Inheritance hierarchies represents "is-a" relationships - one object really is another object.
That's not what tags represent. The categories in a shop don't represent is-a relationships, it's more of a "belongs to" or, in programming terms, "supports feature xy". Tags can change, they can be added and removed as you need it - base classes can't, as the object needs it! Objects don't depend on the tags you give them, but they depend on their base classes to make sense.
You can put some car in category "green cars" or "cars from the 1960's" - no problem, it doesn't care - but it can never cease to be a vehicle!

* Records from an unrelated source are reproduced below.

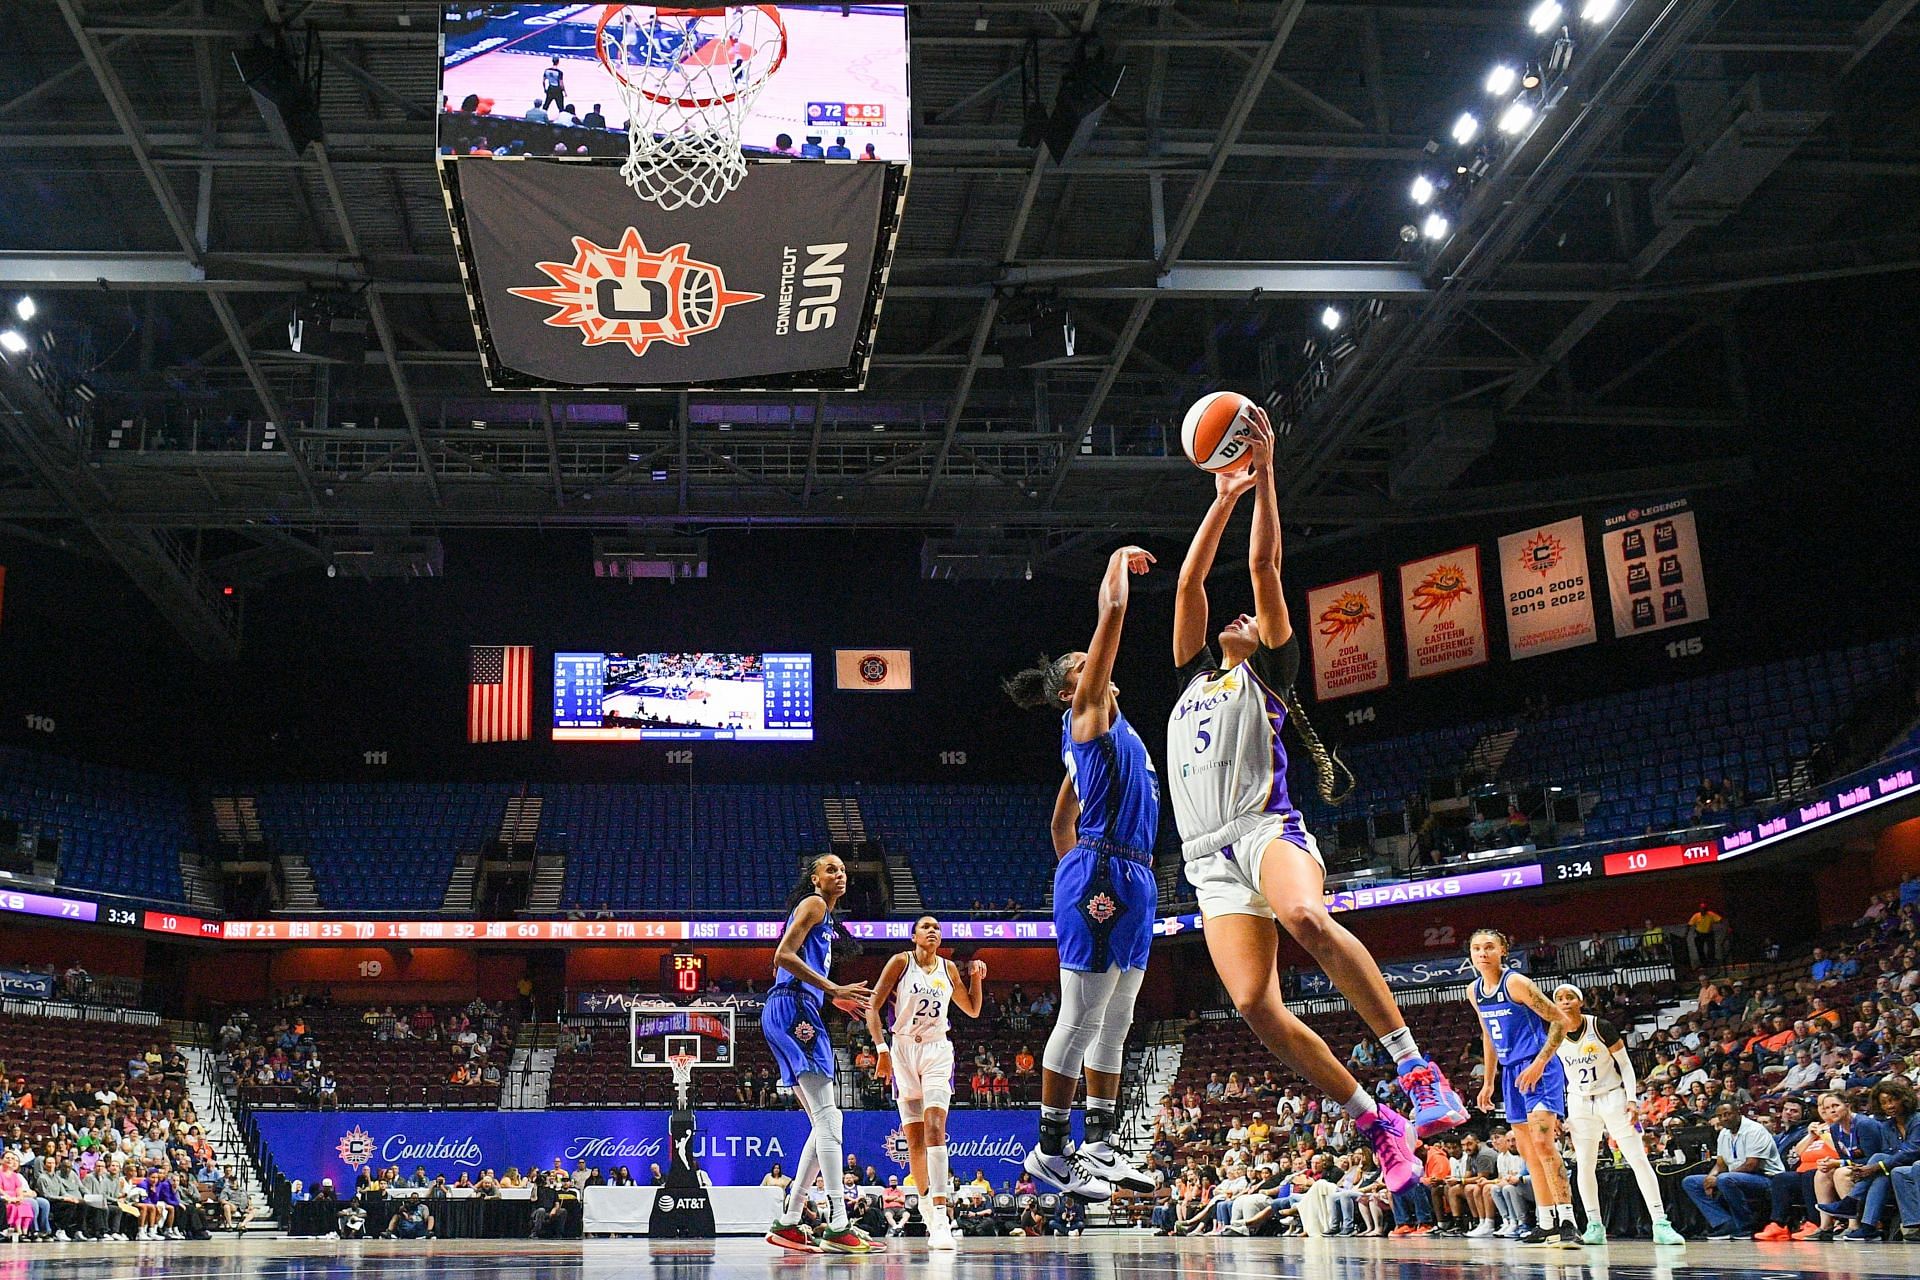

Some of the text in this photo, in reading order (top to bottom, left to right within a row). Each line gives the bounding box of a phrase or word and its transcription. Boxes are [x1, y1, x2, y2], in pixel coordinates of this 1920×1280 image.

[825, 105, 842, 116] 72
[776, 246, 798, 336] CONNECTICUT
[796, 243, 848, 332] SUN
[1605, 499, 1688, 526] SUN LEGENDS
[1626, 535, 1639, 546] 12
[1656, 526, 1672, 538] 42
[1629, 567, 1646, 579] 23
[1663, 560, 1676, 572] 13
[1510, 576, 1584, 602] 2004 2005
[1511, 590, 1586, 616] 2019 2022
[1636, 602, 1649, 614] 15
[1425, 628, 1464, 644] EASTERN
[1338, 646, 1359, 656] 2004
[1416, 636, 1475, 656] CONFERENCE
[1665, 637, 1704, 658] 115
[1332, 652, 1368, 668] EASTERN
[1420, 647, 1474, 666] CHAMPIONS
[1324, 660, 1378, 680] CONFERENCE
[1327, 670, 1377, 689] CHAMPIONS
[25, 713, 55, 733] 110
[1345, 706, 1376, 726] 114
[1194, 716, 1212, 754] 5
[363, 750, 388, 764] 111
[666, 751, 692, 764] 112
[939, 752, 967, 764] 113
[1628, 854, 1647, 869] 10
[1684, 846, 1709, 860] 4TH
[1557, 861, 1592, 879] 3:34
[1358, 872, 1523, 906] SPARKS 72
[61, 903, 80, 917] 72
[108, 909, 136, 924] 3:34
[162, 917, 177, 930] 10
[202, 923, 219, 933] 4TH
[225, 924, 251, 937] ASST
[256, 924, 276, 937] 21
[289, 924, 310, 937] REB
[322, 924, 342, 937] 35
[388, 924, 408, 937] 15
[420, 924, 442, 937] FGM
[455, 924, 475, 937] 32
[486, 924, 506, 937] FGA
[518, 924, 539, 937] 60
[552, 924, 573, 937] FTM
[586, 924, 606, 937] 12
[617, 924, 635, 937] FTA
[646, 924, 666, 937] 14
[694, 924, 720, 937] ASST
[728, 924, 748, 937] 16
[757, 924, 777, 937] REB
[854, 924, 874, 937] 12
[886, 924, 908, 937] FGM
[952, 924, 972, 937] FGA
[983, 924, 1003, 937] 54
[1016, 924, 1037, 937] FTM
[1424, 926, 1456, 947] 22
[358, 960, 382, 977] 19
[675, 957, 701, 970] 3:34
[679, 970, 696, 991] 10
[1412, 964, 1452, 982] Sun
[604, 993, 676, 1012] Mohegan
[721, 994, 766, 1012] Aren
[915, 999, 941, 1018] 23
[1489, 1020, 1502, 1040] 2
[1578, 1066, 1598, 1084] 21
[382, 1134, 482, 1167] Courtside
[564, 1135, 664, 1160] Michelob
[676, 1198, 706, 1210] AT&T

So as you see, inheritance trees and your tags model entirely different things. One is about the object itself, the other one on how we relate objects together.
True, there are cases where it makes sense for an object to have more than one base class, but these are rare and as supporting true multiple inheritance causes many other problems (that's why lots of OO languages disallow it), it's a reasonable way to model is-a hierarchies through trees.

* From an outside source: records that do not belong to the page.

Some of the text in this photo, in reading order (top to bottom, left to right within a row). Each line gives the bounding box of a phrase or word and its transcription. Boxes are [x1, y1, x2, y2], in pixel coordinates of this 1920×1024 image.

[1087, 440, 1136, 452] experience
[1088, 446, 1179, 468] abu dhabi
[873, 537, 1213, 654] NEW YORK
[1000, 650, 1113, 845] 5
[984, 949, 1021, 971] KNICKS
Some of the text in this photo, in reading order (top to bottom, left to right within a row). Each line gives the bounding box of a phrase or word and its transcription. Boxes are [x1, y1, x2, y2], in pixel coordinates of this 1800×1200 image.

On the other hand, your tags are represented through interfaces (for which implementing multiple ones is allowed in practically every OO langauge I know) - or better - through typeclasses, which can be added or shadowed as you need it.
I agree with you that inheritance is often overused in places where interfaces would fit better, but as both are in principle orthogonal concepts, both have their appropriate use-cases.
Edit:
I'm again stressing typeclasses or concepts as they're probably the answer you were searching for, though the question works on the false premise that tags are to replace inheritance.